Records to process below:

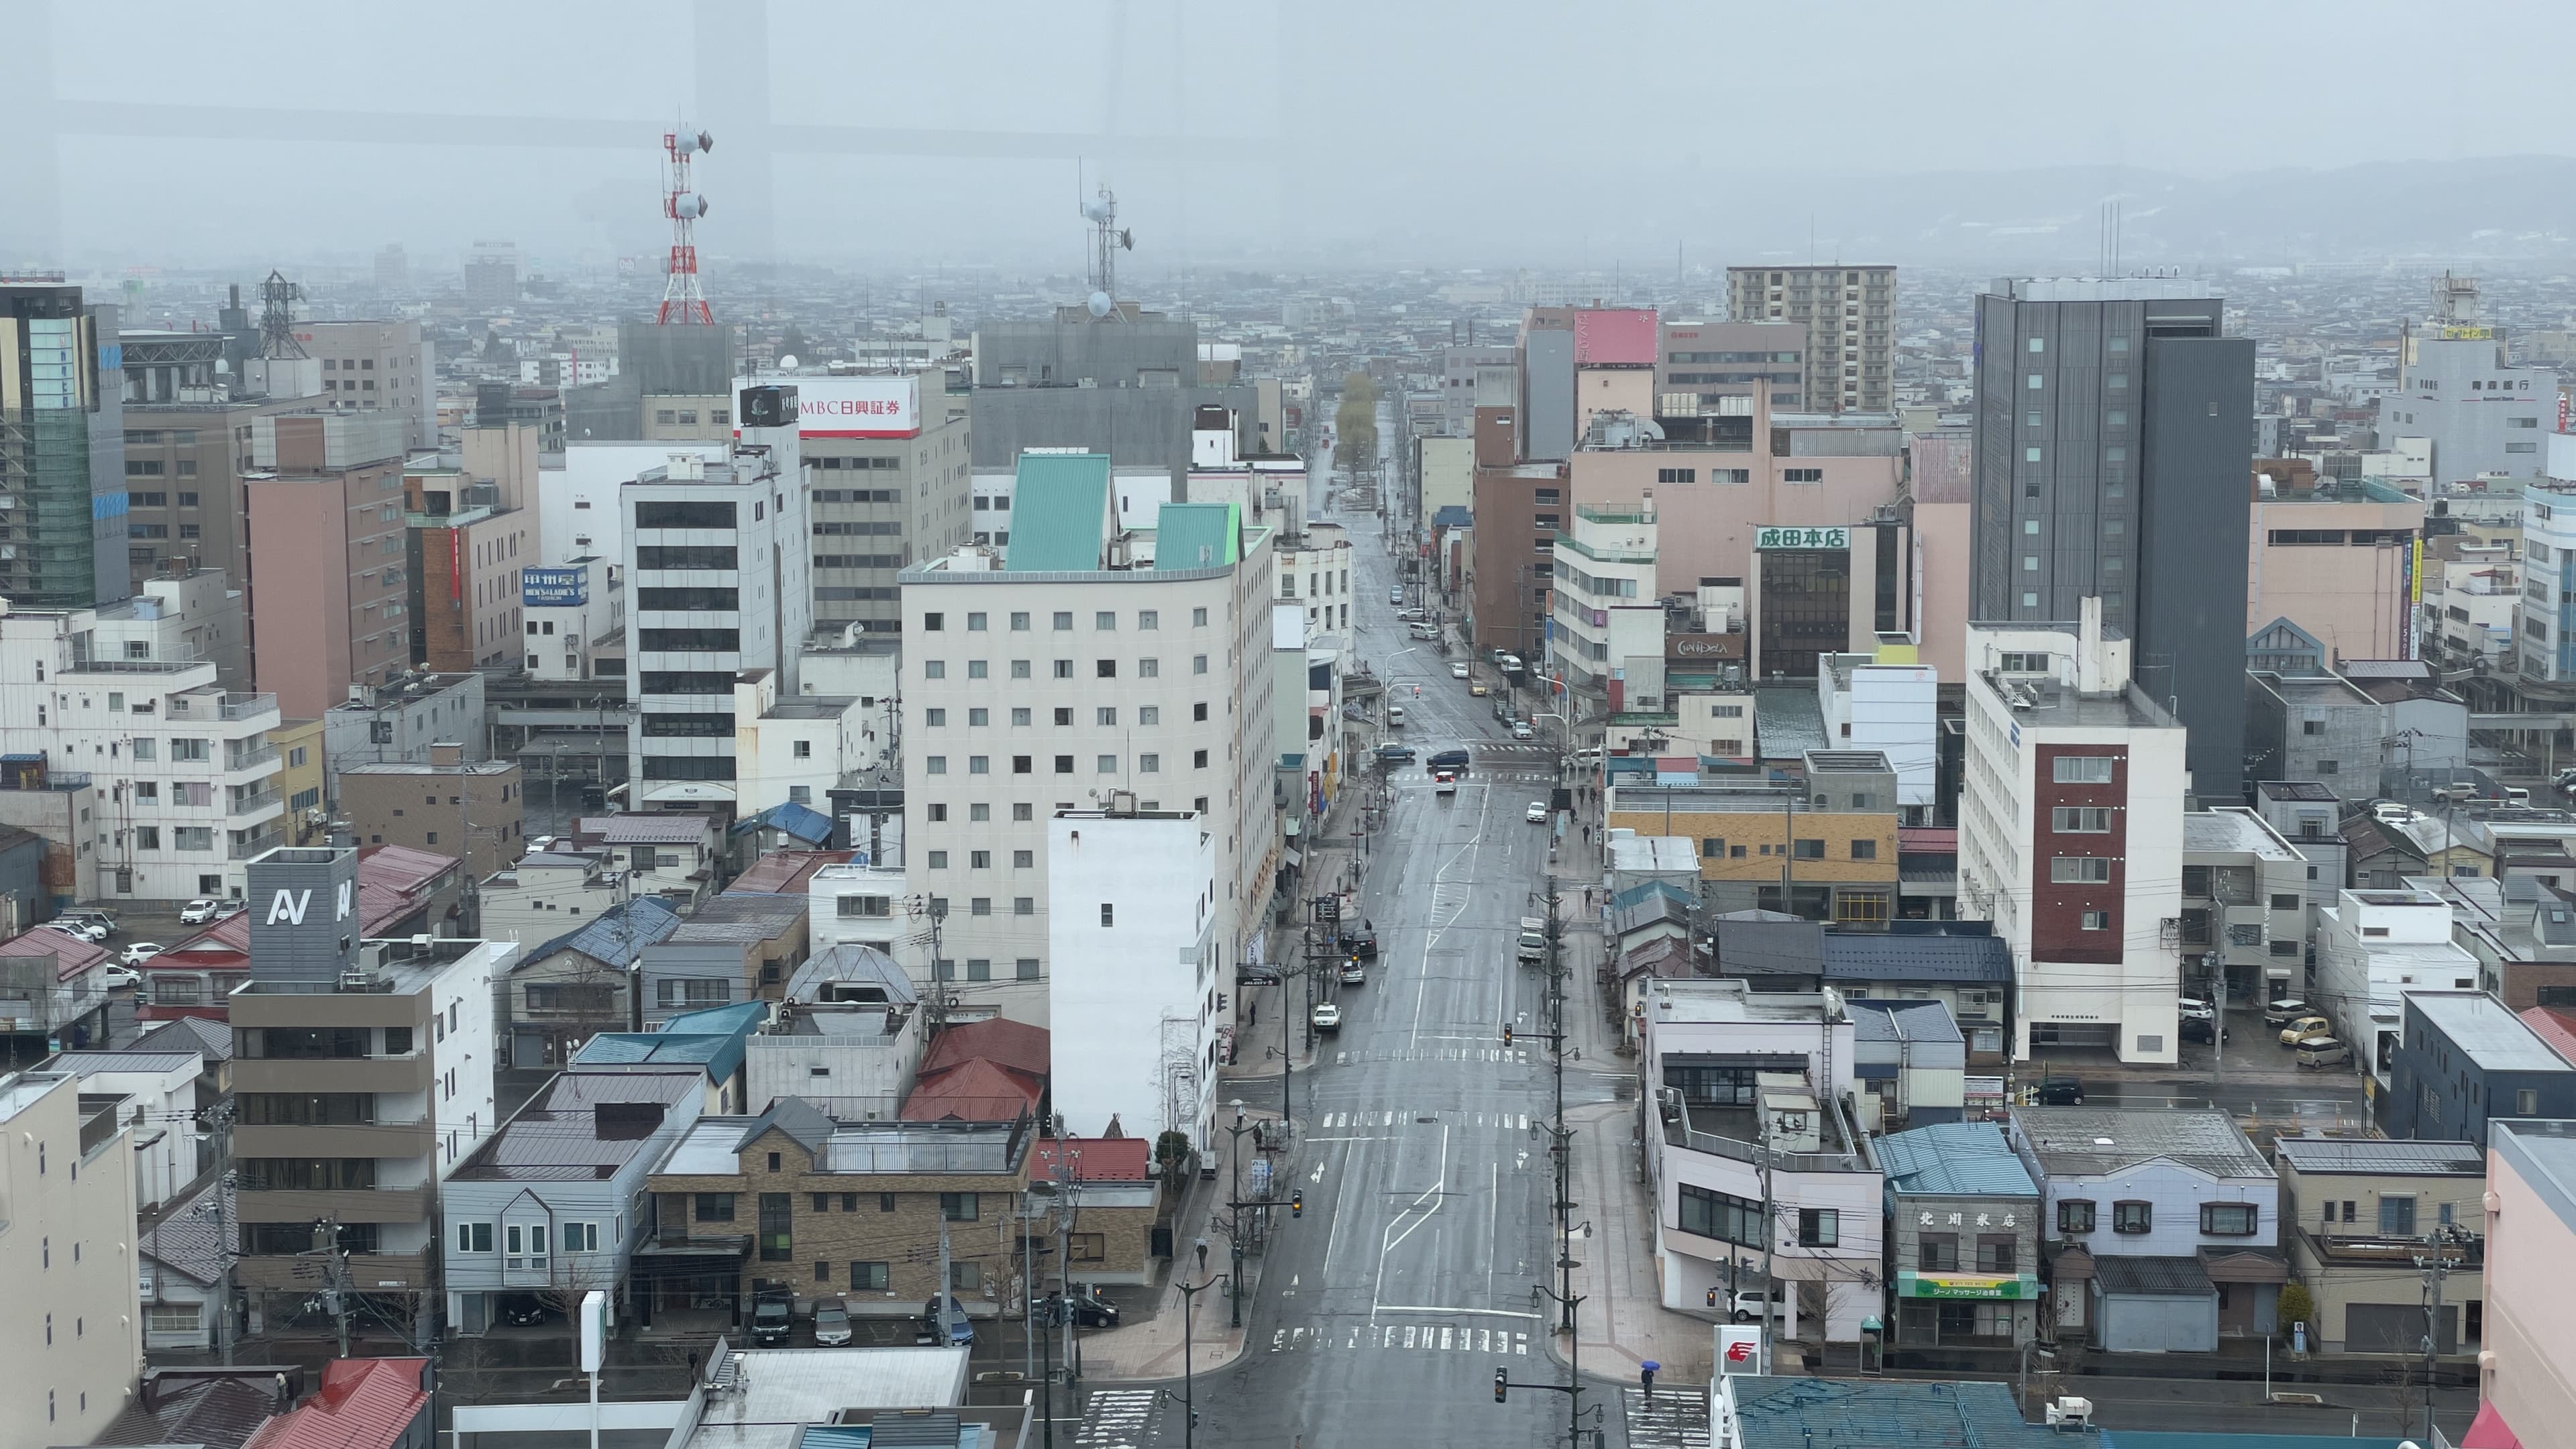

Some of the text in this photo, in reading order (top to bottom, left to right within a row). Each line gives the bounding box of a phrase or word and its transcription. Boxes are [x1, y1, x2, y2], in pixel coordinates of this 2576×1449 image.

[2472, 380, 2529, 390] 青森銀行
[800, 400, 900, 415] MBC日興証券
[1760, 529, 1845, 547] 成田本店
[266, 889, 312, 925] AV
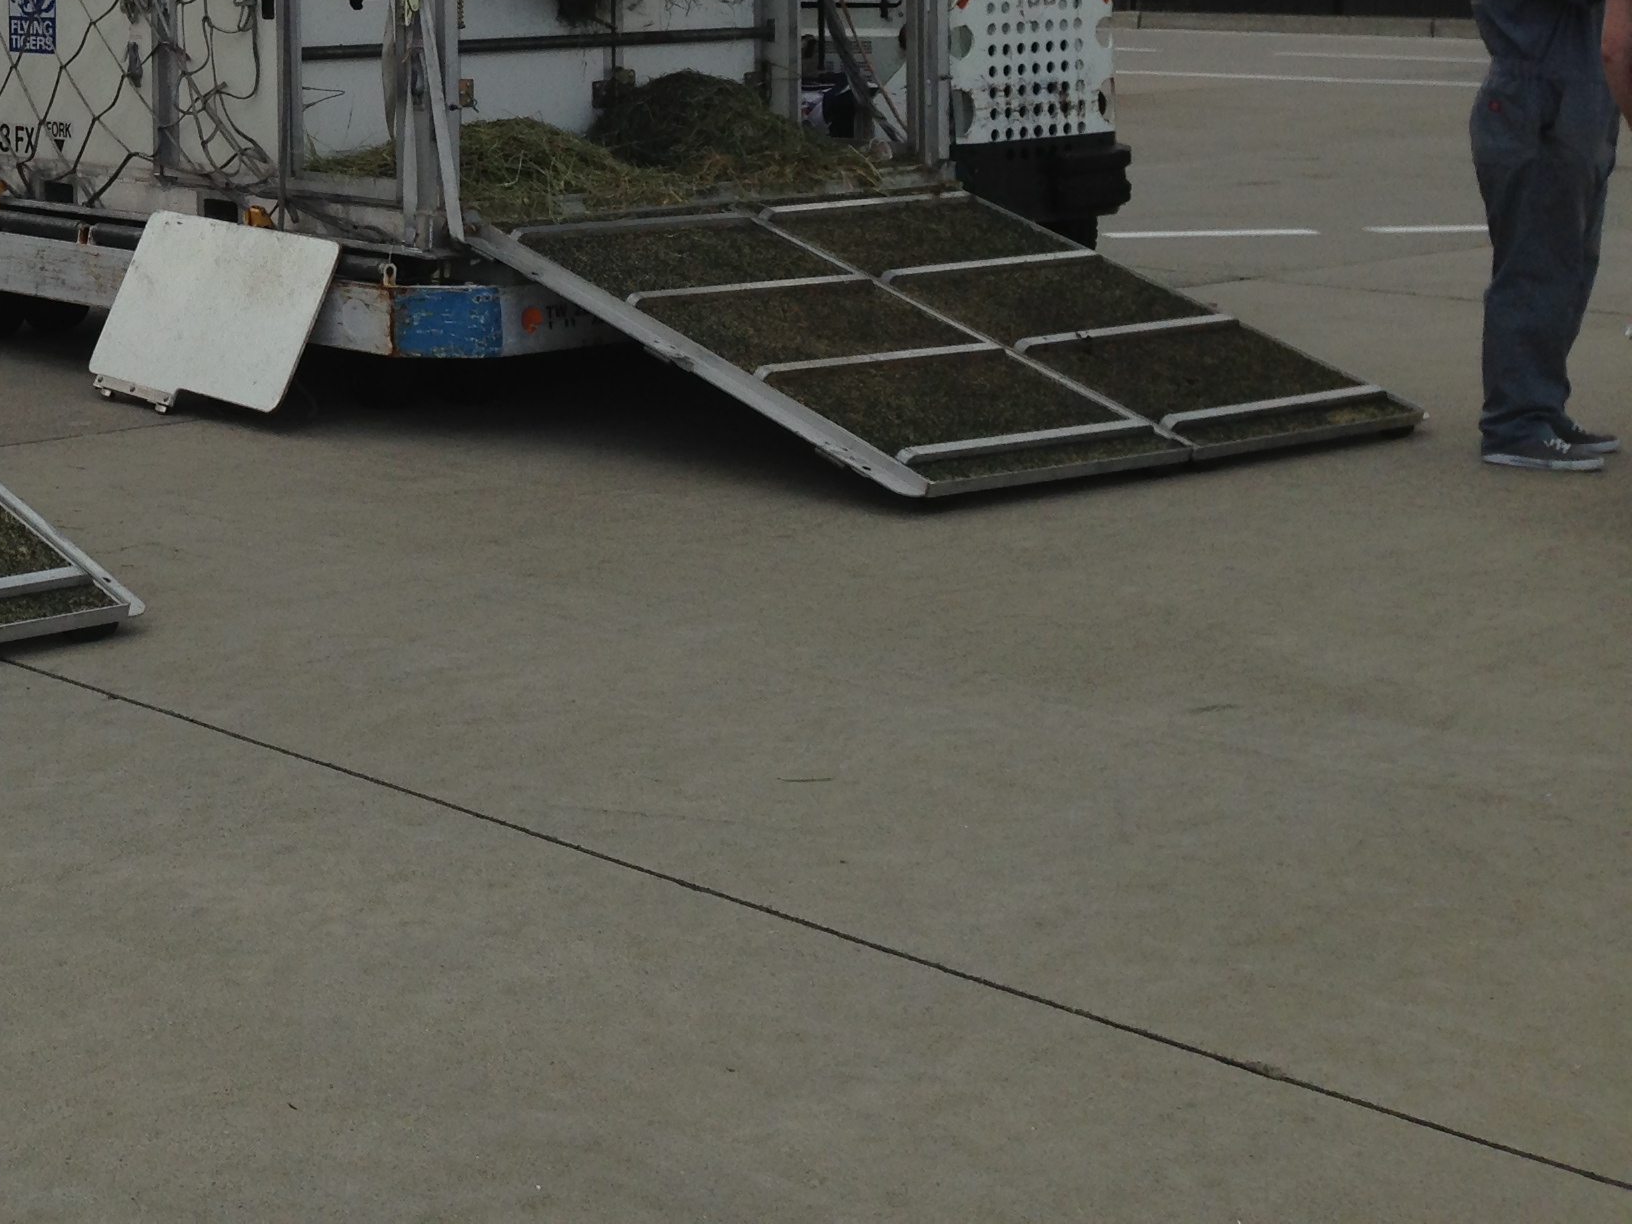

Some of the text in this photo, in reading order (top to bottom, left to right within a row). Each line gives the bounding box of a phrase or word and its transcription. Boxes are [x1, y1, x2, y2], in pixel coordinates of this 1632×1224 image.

End of Records to process.

• [What needs to be done] Although the records contain pictures, only the text should be copied, exactly as it stands.

• [Solution below]
Some of the text in this photo, in reading order (top to bottom, left to right within a row). Each line gives the bounding box of a phrase or word and its transcription. Boxes are [x1, y1, x2, y2], in pixel coordinates of this 2576×1449 image.

[2472, 380, 2529, 390] 青森銀行
[800, 400, 900, 415] MBC日興証券
[1760, 529, 1845, 547] 成田本店
[266, 889, 312, 925] AV

Some of the text in this photo, in reading order (top to bottom, left to right within a row). Each line gives the bounding box of a phrase or word and its transcription. Boxes are [x1, y1, x2, y2], in pixel coordinates of this 1632×1224 image.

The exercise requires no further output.